• [Exercise data]
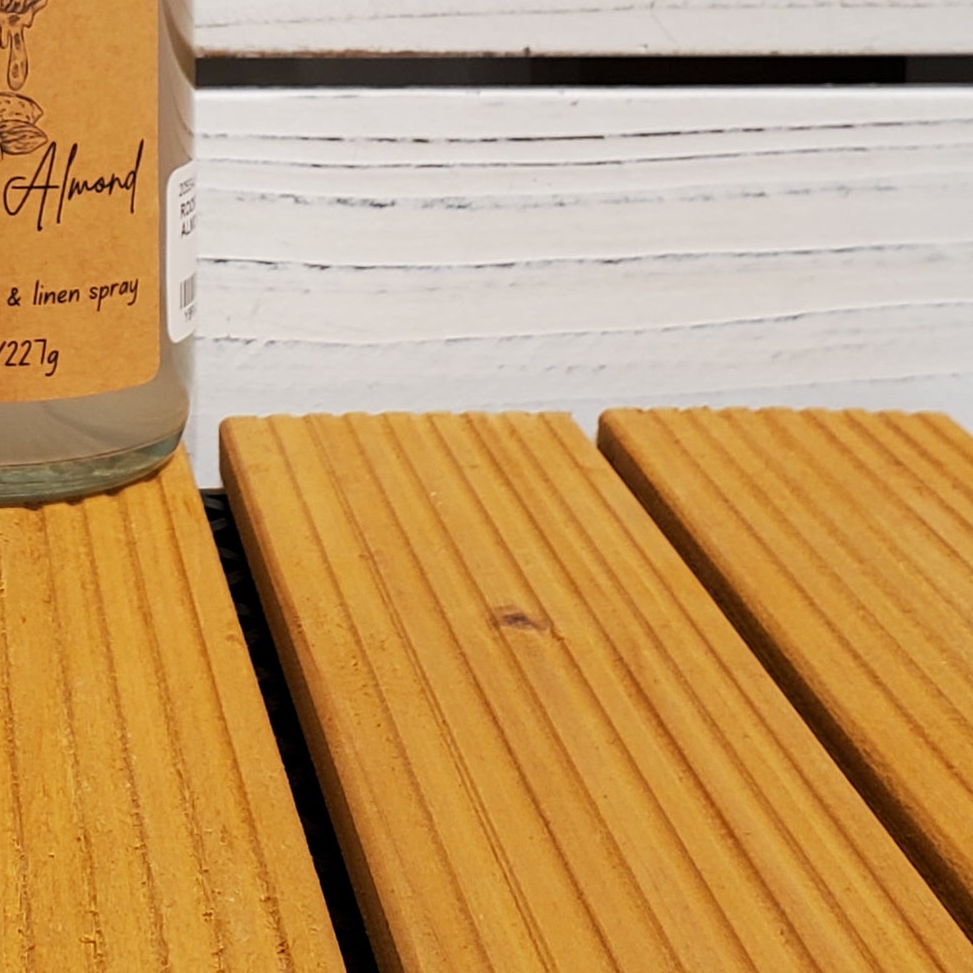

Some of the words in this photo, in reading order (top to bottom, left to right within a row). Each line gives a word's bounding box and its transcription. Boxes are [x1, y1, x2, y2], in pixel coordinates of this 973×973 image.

[3, 139, 144, 231] Almond
[7, 286, 21, 307] &
[32, 280, 80, 306] linen
[89, 278, 139, 312] spray

• [Work to complete] Each record should be printed exactly as it appears, leaving the pictures out.

• [Output of the task]
Some of the words in this photo, in reading order (top to bottom, left to right within a row). Each line gives a word's bounding box and its transcription. Boxes are [x1, y1, x2, y2], in pixel coordinates of this 973×973 image.

[3, 139, 144, 231] Almond
[7, 286, 21, 307] &
[32, 280, 80, 306] linen
[89, 278, 139, 312] spray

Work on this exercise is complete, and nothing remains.